Hobby-Höhlenforscherin stürzt in Thüringen in die Tiefe

Sondershausen/Kelbra - Die Hobby-Höhlenforscherin ist mit sechs Begleitern in einer Höhle unterwegs, in der Besucher eigentlich nichts zu suchen haben. Dann passiert ein Unglück.

Eine Hobby-Höhlenforscherin hat sich im Norden Thüringens beim Absturz in einen Schacht schwer verletzt. Die junge Frau war mit einer siebenköpfigen Gruppe im Alter zwischen 15 und 53 Jahren in einer Höhle an der Nordseite des Kyffhäusergebirges nahe der Landesgrenze zu Sachsen-Anhalt unterwegs. Sie waren nach Polizeiangaben trotz Verbotsschildern in die Höhle gegangen und zunächst etwa 70 Meter weit auf einem gut nutzbaren Stollen vorangekommen. Dann gelangten sie an den nur provisorisch gesicherten fast senkrechten Schacht, in den die 26-Jährige etwa 15 Meter tief stürzte.  
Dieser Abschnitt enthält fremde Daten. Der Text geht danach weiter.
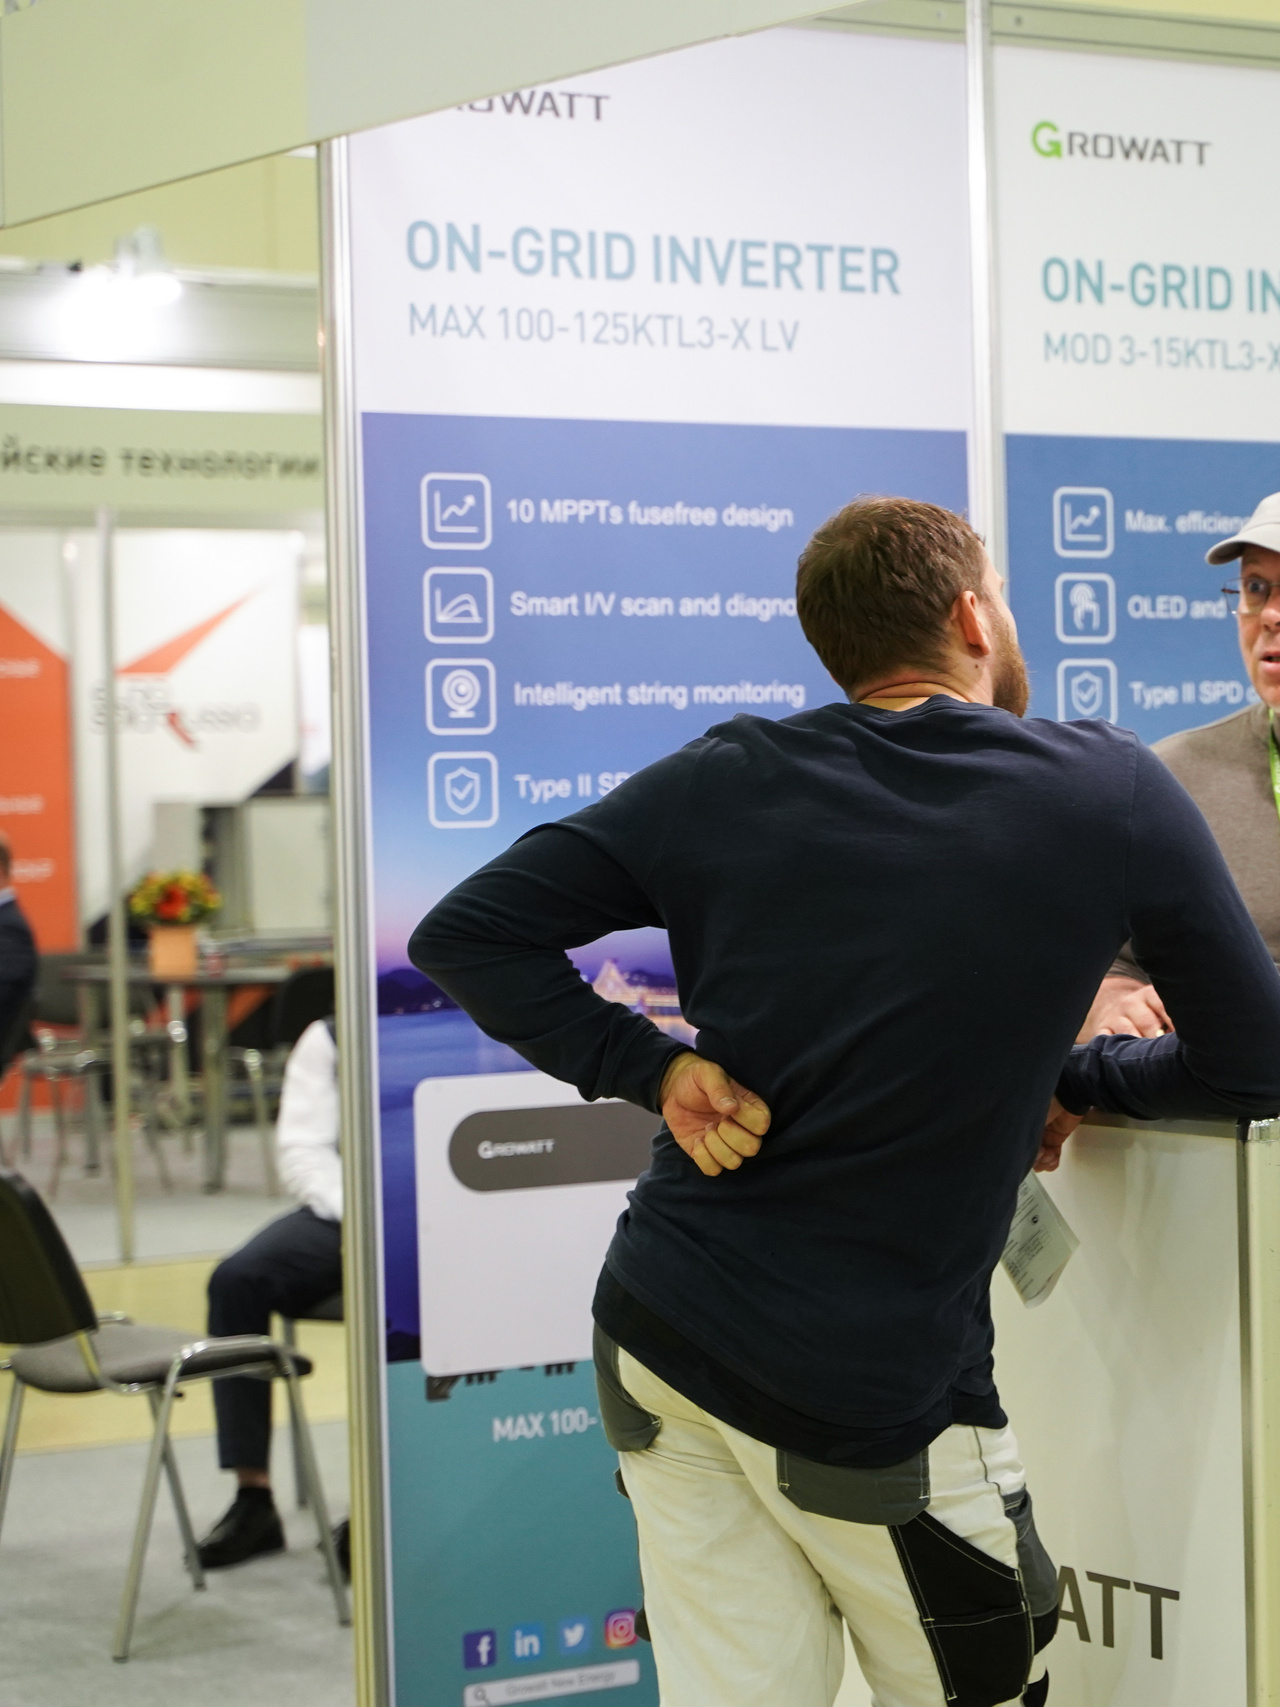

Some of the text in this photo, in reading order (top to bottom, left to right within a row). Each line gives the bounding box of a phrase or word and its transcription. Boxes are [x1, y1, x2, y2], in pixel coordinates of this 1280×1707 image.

Vier der Begleiter der 26-Jährigen versuchten zunächst vergeblich, die Frau aus dem engen Schacht eines ehemaligen Bergwerks zu befreien. Die beiden anderen holten Hilfe.

Die Verunglückte konnte erst nach einem stundenlangen Großeinsatz von Mitgliedern der Bergrettung Halle, der Höhenrettung Mansfeld-Südharz geborgen werden, wie ein Polizeisprecher sagte. Feuerwehrleute halfen dabei. Die Frau wurde in eine Klinik in Nordhausen geflogen. Zu den Verletzungen der Frau konnte die Polizei keine Angaben machen. Im Gegensatz zu ersten Angaben blieben die anderen Mitglieder der Gruppe unverletzt.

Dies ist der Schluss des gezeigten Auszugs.